◆ EXERCISE INPUTS
------------------------------------------------------------------------
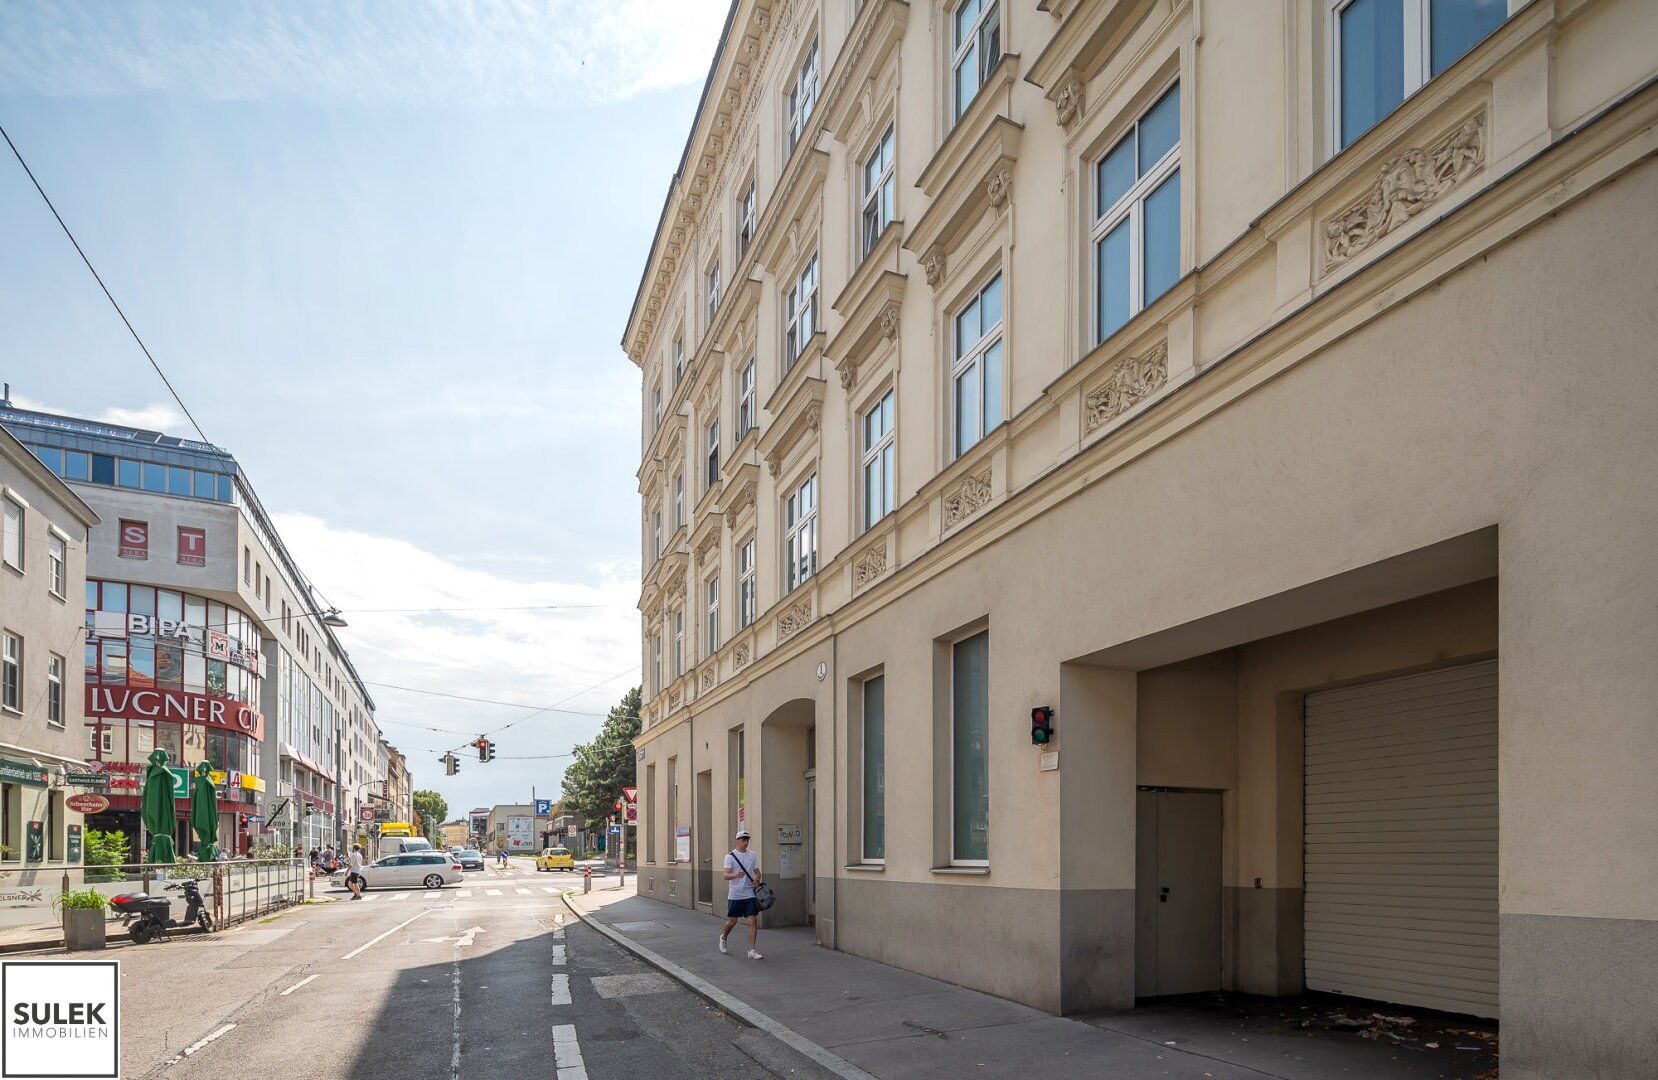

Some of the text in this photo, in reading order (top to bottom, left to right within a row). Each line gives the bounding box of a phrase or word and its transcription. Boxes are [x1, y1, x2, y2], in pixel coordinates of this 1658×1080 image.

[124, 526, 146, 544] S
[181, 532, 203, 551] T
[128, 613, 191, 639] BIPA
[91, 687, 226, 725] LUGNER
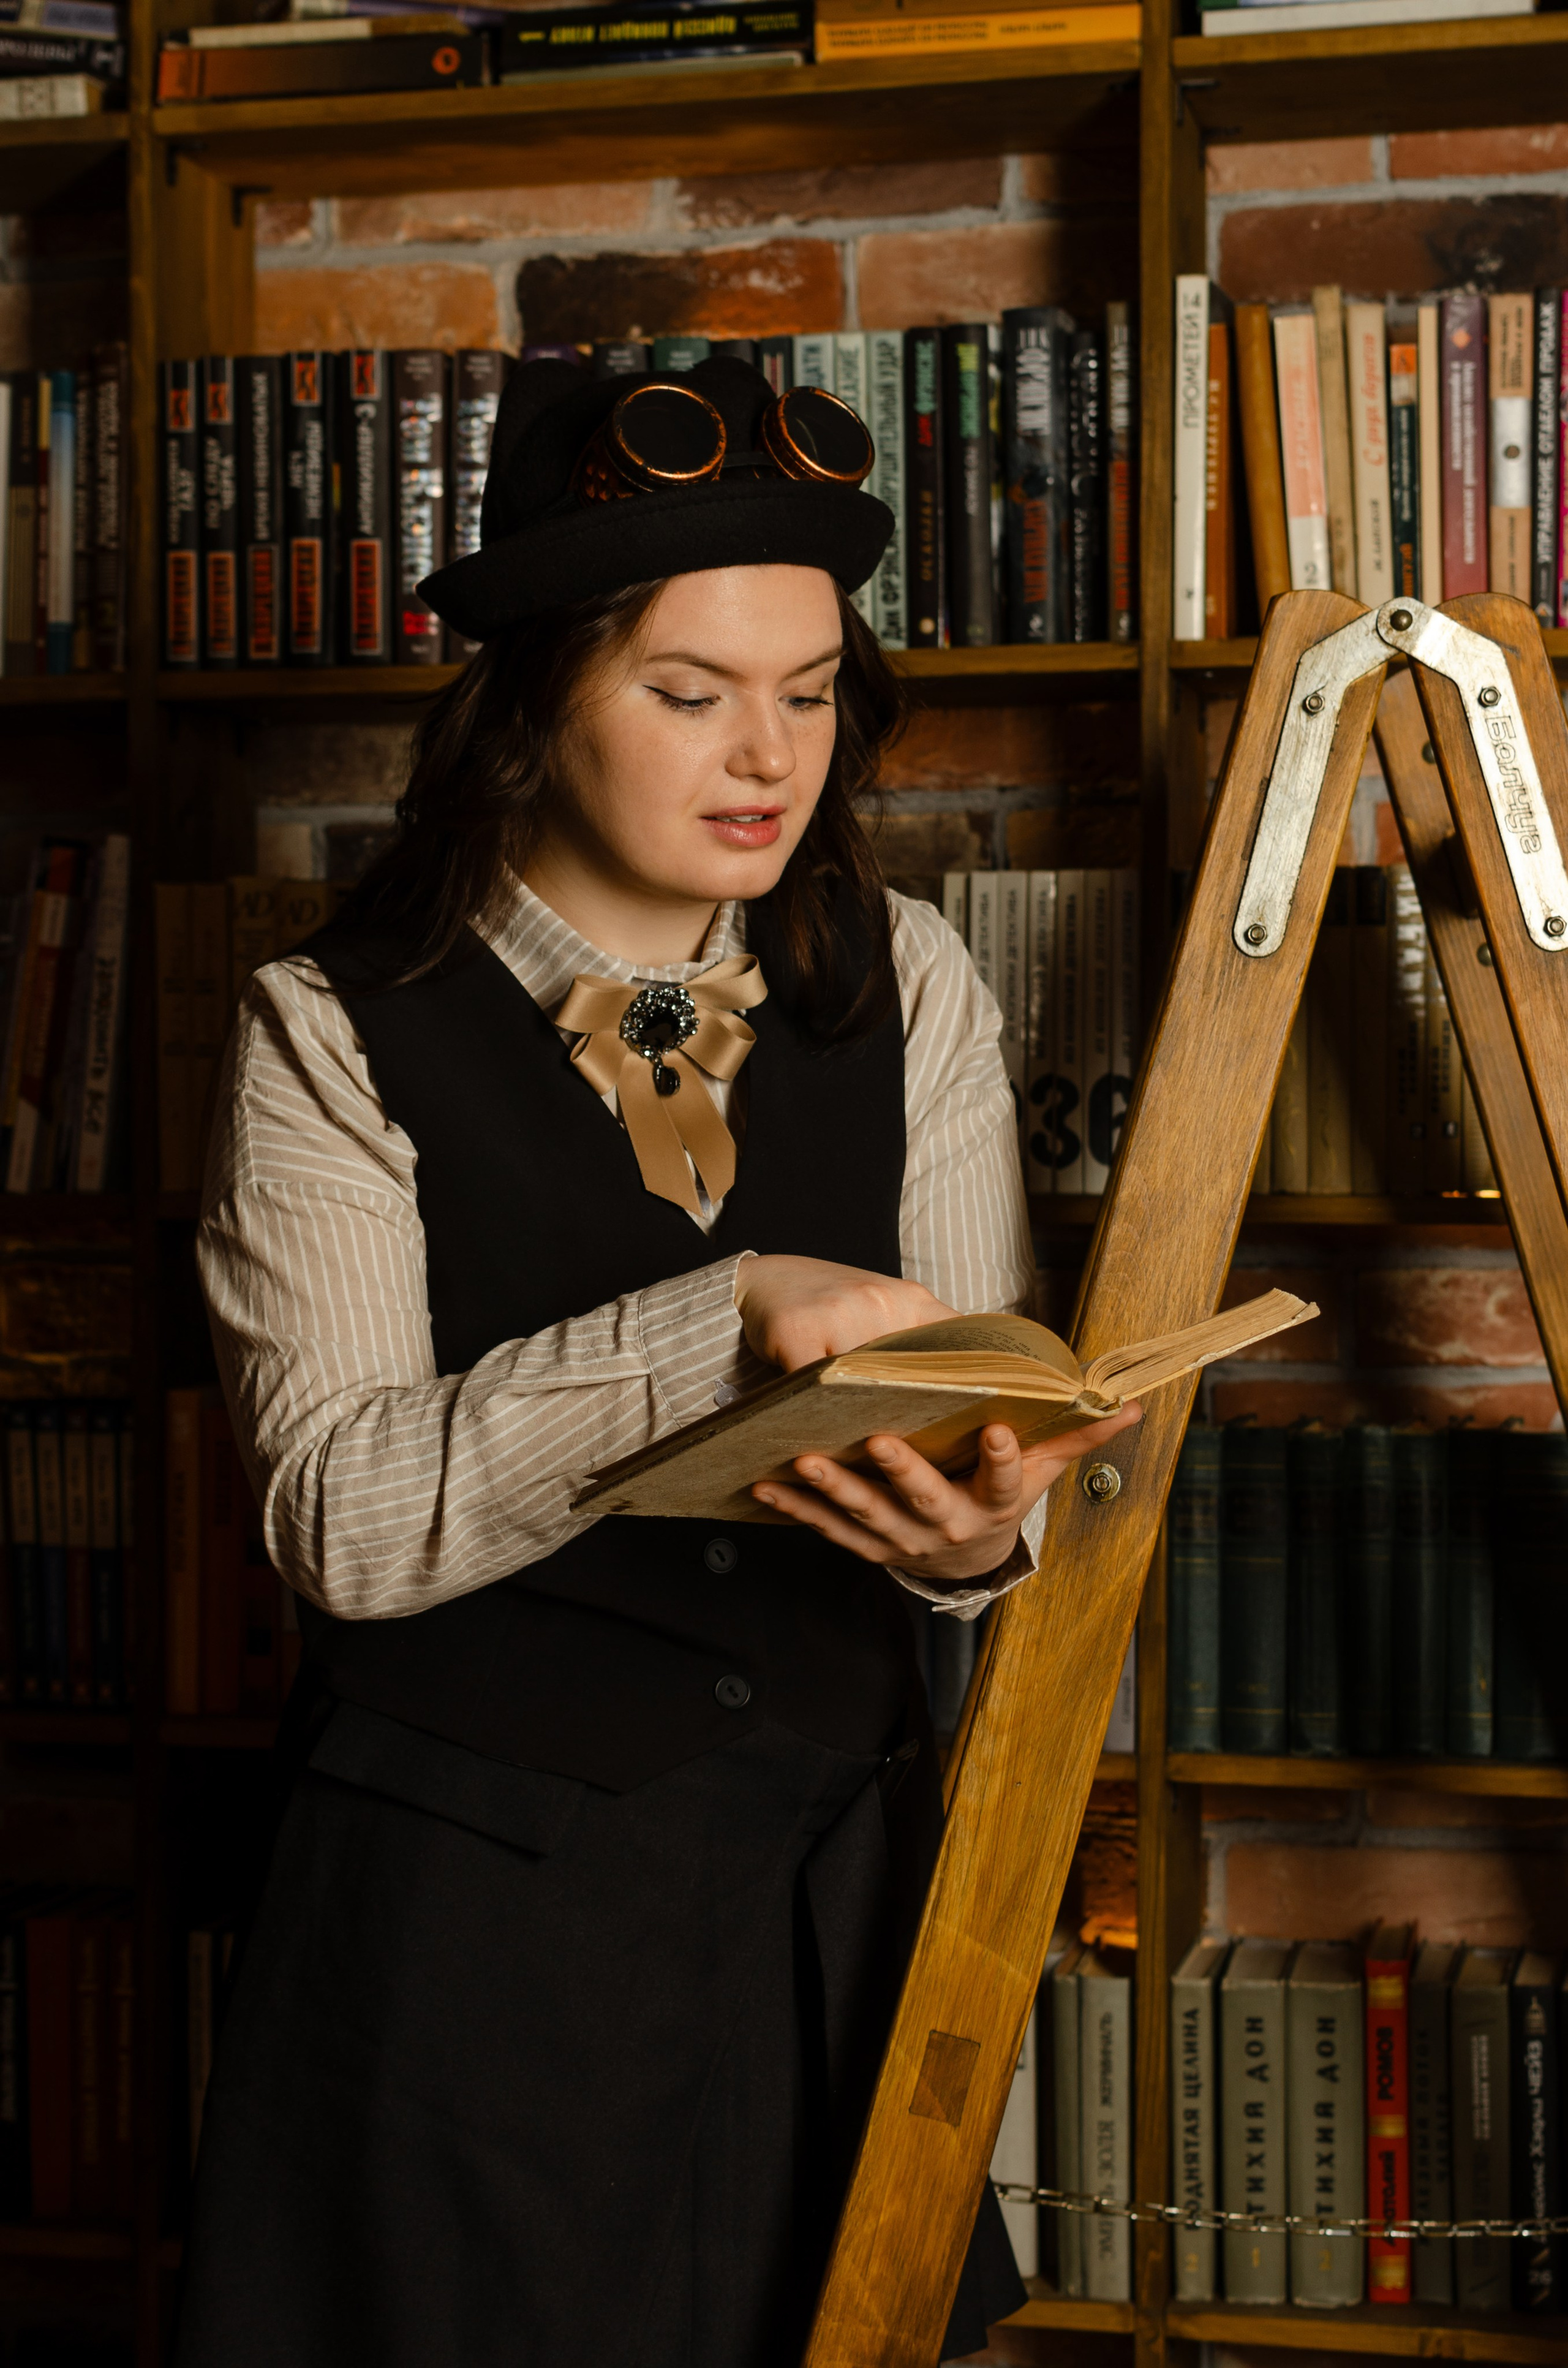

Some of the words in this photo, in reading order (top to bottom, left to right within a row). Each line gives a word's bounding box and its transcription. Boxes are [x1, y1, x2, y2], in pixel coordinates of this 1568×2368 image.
------------------------------------------------------------------------
Your answer must be the entries written out word for word, without their pictures.

Some of the text in this photo, in reading order (top to bottom, left to right within a row). Each line gives the bounding box of a phrase or word and its transcription. Boxes are [x1, y1, x2, y2], in pixel coordinates of this 1658×1080 image.

[124, 526, 146, 544] S
[181, 532, 203, 551] T
[128, 613, 191, 639] BIPA
[91, 687, 226, 725] LUGNER

Some of the words in this photo, in reading order (top to bottom, left to right within a row). Each line gives a word's bounding box and its transcription. Boxes are [x1, y1, x2, y2], in pixel coordinates of this 1568×2368 image.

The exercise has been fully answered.